Your goal> Give the data again exactly, without images.
(Extracted information)
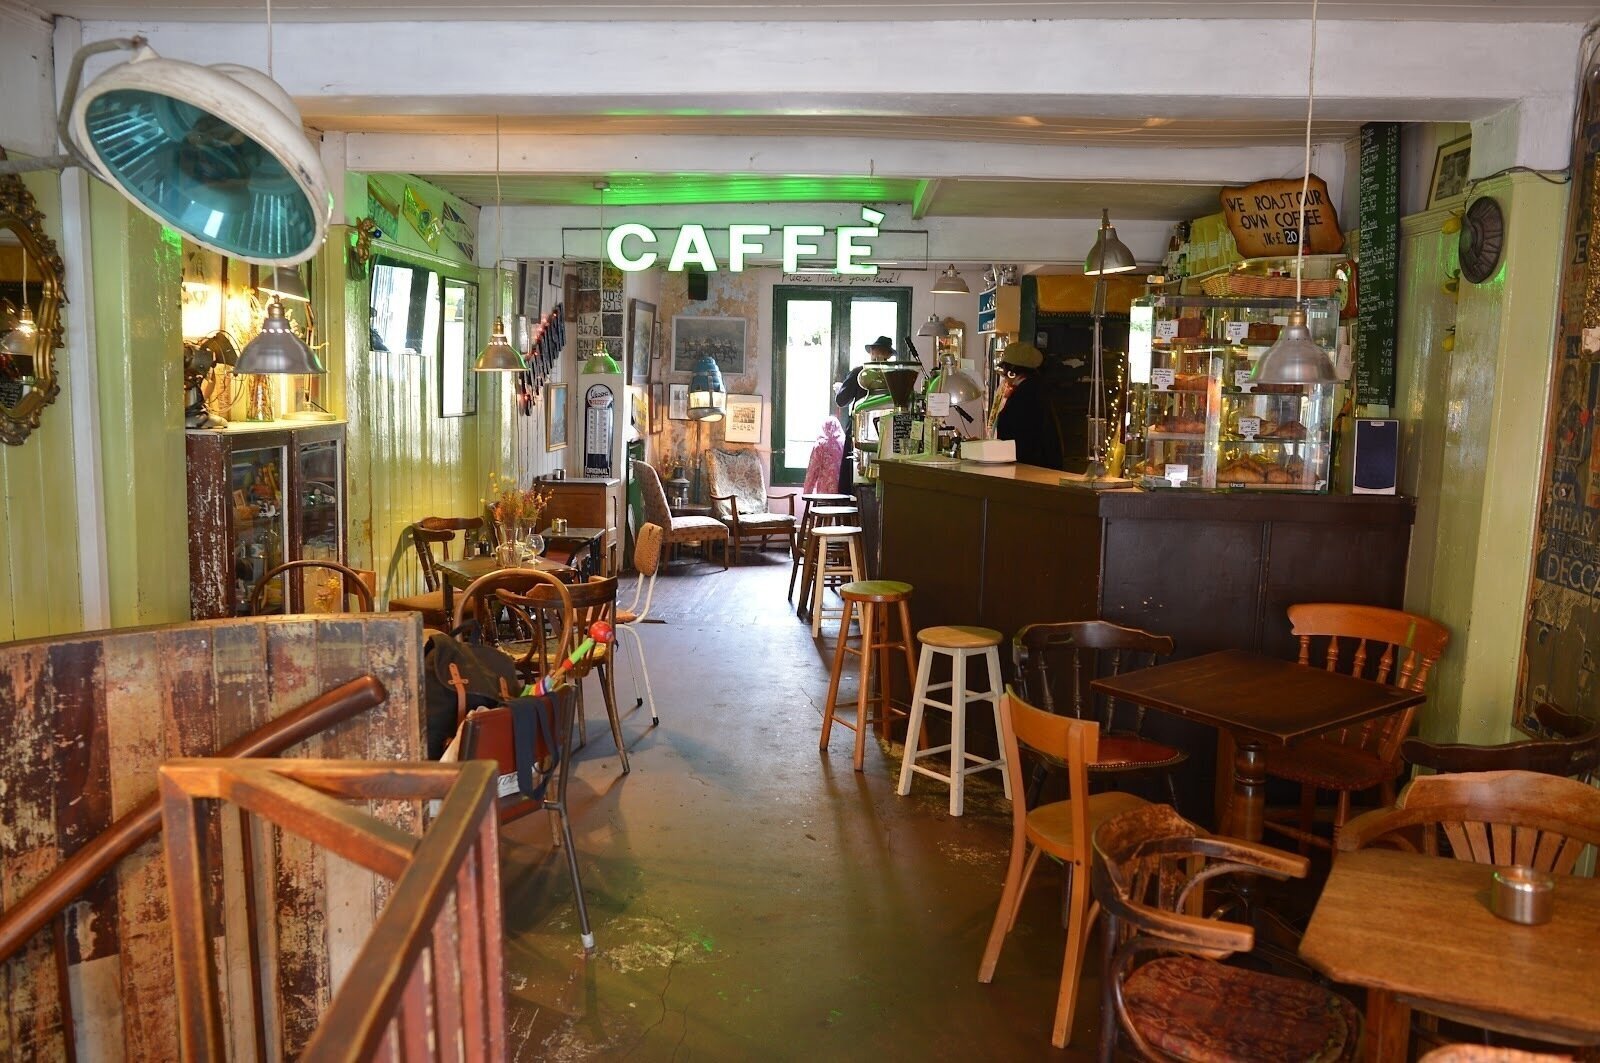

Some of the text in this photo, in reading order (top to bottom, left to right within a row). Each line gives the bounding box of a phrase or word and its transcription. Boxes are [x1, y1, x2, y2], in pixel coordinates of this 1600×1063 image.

[1226, 197, 1246, 213] WE
[1254, 192, 1295, 211] ROAST
[1240, 208, 1323, 230] OWN COFEE
[1285, 230, 1298, 243] 20
[578, 325, 599, 335] 3476
(End Extracted information)
Solution below>
Some of the text in this photo, in reading order (top to bottom, left to right within a row). Each line gives the bounding box of a phrase or word and its transcription. Boxes are [x1, y1, x2, y2], in pixel coordinates of this 1600×1063 image.

[1226, 197, 1246, 213] WE
[1254, 192, 1295, 211] ROAST
[1240, 208, 1323, 230] OWN COFEE
[1285, 230, 1298, 243] 20
[578, 325, 599, 335] 3476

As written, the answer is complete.